(Records for the task Opens)
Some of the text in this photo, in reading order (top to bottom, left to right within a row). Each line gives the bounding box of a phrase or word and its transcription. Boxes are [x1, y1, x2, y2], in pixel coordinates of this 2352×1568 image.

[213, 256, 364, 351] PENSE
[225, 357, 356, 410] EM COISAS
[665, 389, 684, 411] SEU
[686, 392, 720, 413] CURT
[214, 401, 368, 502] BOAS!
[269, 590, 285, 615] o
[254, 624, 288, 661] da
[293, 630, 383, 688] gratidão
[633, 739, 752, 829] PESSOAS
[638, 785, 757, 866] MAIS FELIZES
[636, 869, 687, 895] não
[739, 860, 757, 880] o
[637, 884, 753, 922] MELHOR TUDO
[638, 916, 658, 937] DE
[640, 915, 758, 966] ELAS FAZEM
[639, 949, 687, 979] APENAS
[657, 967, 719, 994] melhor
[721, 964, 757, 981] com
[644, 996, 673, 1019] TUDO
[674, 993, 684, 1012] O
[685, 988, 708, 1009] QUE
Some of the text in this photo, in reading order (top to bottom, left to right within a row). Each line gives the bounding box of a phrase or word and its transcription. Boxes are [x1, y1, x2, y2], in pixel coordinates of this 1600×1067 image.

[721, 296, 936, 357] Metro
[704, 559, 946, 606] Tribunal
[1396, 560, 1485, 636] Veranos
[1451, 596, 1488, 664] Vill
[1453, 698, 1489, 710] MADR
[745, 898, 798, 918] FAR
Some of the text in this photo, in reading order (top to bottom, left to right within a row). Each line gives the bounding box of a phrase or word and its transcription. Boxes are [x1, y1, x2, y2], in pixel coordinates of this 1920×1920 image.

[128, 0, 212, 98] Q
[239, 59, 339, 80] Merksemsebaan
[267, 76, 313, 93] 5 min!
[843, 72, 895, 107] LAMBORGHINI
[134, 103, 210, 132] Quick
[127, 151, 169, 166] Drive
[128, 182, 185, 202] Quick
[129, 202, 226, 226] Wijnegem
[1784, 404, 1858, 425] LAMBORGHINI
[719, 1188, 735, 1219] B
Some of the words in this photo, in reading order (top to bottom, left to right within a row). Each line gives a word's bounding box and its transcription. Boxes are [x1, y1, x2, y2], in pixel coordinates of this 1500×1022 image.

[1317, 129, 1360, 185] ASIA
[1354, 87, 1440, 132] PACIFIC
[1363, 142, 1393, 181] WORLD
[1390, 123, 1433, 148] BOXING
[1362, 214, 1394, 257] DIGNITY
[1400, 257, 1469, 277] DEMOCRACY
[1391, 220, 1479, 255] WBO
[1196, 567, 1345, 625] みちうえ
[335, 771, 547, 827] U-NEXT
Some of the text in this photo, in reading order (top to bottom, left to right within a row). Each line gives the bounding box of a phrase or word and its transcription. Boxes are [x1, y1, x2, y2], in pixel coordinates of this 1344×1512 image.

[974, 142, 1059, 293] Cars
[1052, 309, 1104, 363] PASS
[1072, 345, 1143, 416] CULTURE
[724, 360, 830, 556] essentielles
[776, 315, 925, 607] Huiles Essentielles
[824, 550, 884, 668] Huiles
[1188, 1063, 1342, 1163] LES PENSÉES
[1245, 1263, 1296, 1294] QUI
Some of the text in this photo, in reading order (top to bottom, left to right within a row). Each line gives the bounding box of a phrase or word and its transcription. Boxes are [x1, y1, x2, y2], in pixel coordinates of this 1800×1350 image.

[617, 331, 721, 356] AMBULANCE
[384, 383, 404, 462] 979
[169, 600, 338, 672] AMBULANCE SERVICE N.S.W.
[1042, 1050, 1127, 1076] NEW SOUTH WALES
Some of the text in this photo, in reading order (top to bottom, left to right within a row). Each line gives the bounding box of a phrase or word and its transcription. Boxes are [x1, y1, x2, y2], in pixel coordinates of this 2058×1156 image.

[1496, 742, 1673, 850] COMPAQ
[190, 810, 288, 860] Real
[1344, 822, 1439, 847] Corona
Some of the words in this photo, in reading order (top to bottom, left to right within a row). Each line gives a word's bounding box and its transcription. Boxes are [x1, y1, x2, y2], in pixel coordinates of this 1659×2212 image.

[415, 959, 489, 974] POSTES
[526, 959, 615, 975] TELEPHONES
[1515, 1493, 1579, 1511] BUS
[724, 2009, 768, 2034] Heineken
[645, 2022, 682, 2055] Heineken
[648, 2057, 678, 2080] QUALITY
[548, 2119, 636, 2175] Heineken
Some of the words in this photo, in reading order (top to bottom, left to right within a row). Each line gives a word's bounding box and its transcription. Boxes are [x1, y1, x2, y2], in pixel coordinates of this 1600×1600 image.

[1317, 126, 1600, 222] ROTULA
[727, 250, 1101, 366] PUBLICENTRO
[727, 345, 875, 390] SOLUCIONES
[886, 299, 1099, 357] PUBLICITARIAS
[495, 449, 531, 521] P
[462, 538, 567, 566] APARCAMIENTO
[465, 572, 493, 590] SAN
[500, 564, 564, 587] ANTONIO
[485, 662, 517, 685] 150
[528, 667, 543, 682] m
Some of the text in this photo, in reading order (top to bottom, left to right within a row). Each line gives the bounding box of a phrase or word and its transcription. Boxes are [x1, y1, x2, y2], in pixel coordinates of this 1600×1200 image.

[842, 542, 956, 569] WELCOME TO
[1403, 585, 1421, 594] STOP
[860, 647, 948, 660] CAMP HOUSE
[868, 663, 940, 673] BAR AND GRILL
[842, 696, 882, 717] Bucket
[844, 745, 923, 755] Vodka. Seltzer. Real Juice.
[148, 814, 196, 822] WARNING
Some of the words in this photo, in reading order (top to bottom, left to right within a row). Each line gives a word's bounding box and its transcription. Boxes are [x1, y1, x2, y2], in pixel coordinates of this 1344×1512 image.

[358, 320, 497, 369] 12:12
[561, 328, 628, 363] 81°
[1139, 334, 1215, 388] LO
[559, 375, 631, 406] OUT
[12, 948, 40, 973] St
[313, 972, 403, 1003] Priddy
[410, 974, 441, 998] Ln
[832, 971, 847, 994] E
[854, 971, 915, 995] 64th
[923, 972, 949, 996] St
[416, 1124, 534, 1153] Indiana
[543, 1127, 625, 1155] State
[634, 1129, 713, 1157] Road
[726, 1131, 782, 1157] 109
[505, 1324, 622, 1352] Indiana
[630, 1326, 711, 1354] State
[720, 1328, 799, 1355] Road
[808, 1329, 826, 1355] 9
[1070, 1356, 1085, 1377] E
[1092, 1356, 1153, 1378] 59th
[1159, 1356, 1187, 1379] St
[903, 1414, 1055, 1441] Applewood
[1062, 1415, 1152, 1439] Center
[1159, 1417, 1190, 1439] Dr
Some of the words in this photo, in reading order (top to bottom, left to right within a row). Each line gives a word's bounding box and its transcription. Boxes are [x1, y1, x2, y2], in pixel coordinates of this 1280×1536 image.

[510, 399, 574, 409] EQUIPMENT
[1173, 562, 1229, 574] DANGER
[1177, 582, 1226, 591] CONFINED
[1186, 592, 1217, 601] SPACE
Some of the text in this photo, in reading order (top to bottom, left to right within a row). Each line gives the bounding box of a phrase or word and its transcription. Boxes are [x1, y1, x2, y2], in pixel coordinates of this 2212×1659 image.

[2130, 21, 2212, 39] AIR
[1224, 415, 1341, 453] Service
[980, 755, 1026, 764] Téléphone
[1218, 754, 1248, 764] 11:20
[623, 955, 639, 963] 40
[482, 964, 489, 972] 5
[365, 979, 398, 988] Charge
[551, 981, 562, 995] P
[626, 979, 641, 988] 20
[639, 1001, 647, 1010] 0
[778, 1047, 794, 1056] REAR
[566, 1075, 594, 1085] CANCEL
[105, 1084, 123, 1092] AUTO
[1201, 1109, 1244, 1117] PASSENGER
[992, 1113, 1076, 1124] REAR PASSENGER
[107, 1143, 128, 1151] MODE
(Records for the task Closes)
Taking the line with "this 2212×1659 image." as the start and the last line of the data above as the end, write out those two lines and every line between them exactly, and only those.

Answer area =>
Some of the text in this photo, in reading order (top to bottom, left to right within a row). Each line gives the bounding box of a phrase or word and its transcription. Boxes are [x1, y1, x2, y2], in pixel coordinates of this 2212×1659 image.

[2130, 21, 2212, 39] AIR
[1224, 415, 1341, 453] Service
[980, 755, 1026, 764] Téléphone
[1218, 754, 1248, 764] 11:20
[623, 955, 639, 963] 40
[482, 964, 489, 972] 5
[365, 979, 398, 988] Charge
[551, 981, 562, 995] P
[626, 979, 641, 988] 20
[639, 1001, 647, 1010] 0
[778, 1047, 794, 1056] REAR
[566, 1075, 594, 1085] CANCEL
[105, 1084, 123, 1092] AUTO
[1201, 1109, 1244, 1117] PASSENGER
[992, 1113, 1076, 1124] REAR PASSENGER
[107, 1143, 128, 1151] MODE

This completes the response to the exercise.